WORK ORDER: Transcribe each record as written.

══ DATA RECORDS

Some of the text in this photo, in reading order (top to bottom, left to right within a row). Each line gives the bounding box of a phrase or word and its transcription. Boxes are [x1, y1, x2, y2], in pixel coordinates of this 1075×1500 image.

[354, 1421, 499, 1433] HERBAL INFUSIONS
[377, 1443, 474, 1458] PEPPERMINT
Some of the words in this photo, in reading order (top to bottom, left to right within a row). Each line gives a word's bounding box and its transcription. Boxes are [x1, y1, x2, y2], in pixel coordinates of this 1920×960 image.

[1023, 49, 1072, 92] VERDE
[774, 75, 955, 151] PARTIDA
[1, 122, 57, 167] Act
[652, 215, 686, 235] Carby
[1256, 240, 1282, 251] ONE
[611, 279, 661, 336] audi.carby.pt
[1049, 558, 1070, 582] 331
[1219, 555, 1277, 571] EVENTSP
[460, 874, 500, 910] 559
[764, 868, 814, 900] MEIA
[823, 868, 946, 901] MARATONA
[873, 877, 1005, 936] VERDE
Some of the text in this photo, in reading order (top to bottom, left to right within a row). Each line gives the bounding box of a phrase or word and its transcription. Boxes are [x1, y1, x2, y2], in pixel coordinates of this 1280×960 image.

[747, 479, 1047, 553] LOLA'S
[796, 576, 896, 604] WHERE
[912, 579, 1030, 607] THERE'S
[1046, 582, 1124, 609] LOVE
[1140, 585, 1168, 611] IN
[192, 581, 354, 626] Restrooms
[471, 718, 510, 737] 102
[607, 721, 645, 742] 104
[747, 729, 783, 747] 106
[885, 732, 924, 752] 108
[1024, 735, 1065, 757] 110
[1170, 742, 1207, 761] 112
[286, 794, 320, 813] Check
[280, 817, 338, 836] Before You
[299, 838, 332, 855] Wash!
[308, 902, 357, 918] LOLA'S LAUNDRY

════

RESPONSE BOX:
Some of the text in this photo, in reading order (top to bottom, left to right within a row). Each line gives the bounding box of a phrase or word and its transcription. Boxes are [x1, y1, x2, y2], in pixel coordinates of this 1075×1500 image.

[354, 1421, 499, 1433] HERBAL INFUSIONS
[377, 1443, 474, 1458] PEPPERMINT
Some of the words in this photo, in reading order (top to bottom, left to right within a row). Each line gives a word's bounding box and its transcription. Boxes are [x1, y1, x2, y2], in pixel coordinates of this 1920×960 image.

[1023, 49, 1072, 92] VERDE
[774, 75, 955, 151] PARTIDA
[1, 122, 57, 167] Act
[652, 215, 686, 235] Carby
[1256, 240, 1282, 251] ONE
[611, 279, 661, 336] audi.carby.pt
[1049, 558, 1070, 582] 331
[1219, 555, 1277, 571] EVENTSP
[460, 874, 500, 910] 559
[764, 868, 814, 900] MEIA
[823, 868, 946, 901] MARATONA
[873, 877, 1005, 936] VERDE
Some of the text in this photo, in reading order (top to bottom, left to right within a row). Each line gives the bounding box of a phrase or word and its transcription. Boxes are [x1, y1, x2, y2], in pixel coordinates of this 1280×960 image.

[747, 479, 1047, 553] LOLA'S
[796, 576, 896, 604] WHERE
[912, 579, 1030, 607] THERE'S
[1046, 582, 1124, 609] LOVE
[1140, 585, 1168, 611] IN
[192, 581, 354, 626] Restrooms
[471, 718, 510, 737] 102
[607, 721, 645, 742] 104
[747, 729, 783, 747] 106
[885, 732, 924, 752] 108
[1024, 735, 1065, 757] 110
[1170, 742, 1207, 761] 112
[286, 794, 320, 813] Check
[280, 817, 338, 836] Before You
[299, 838, 332, 855] Wash!
[308, 902, 357, 918] LOLA'S LAUNDRY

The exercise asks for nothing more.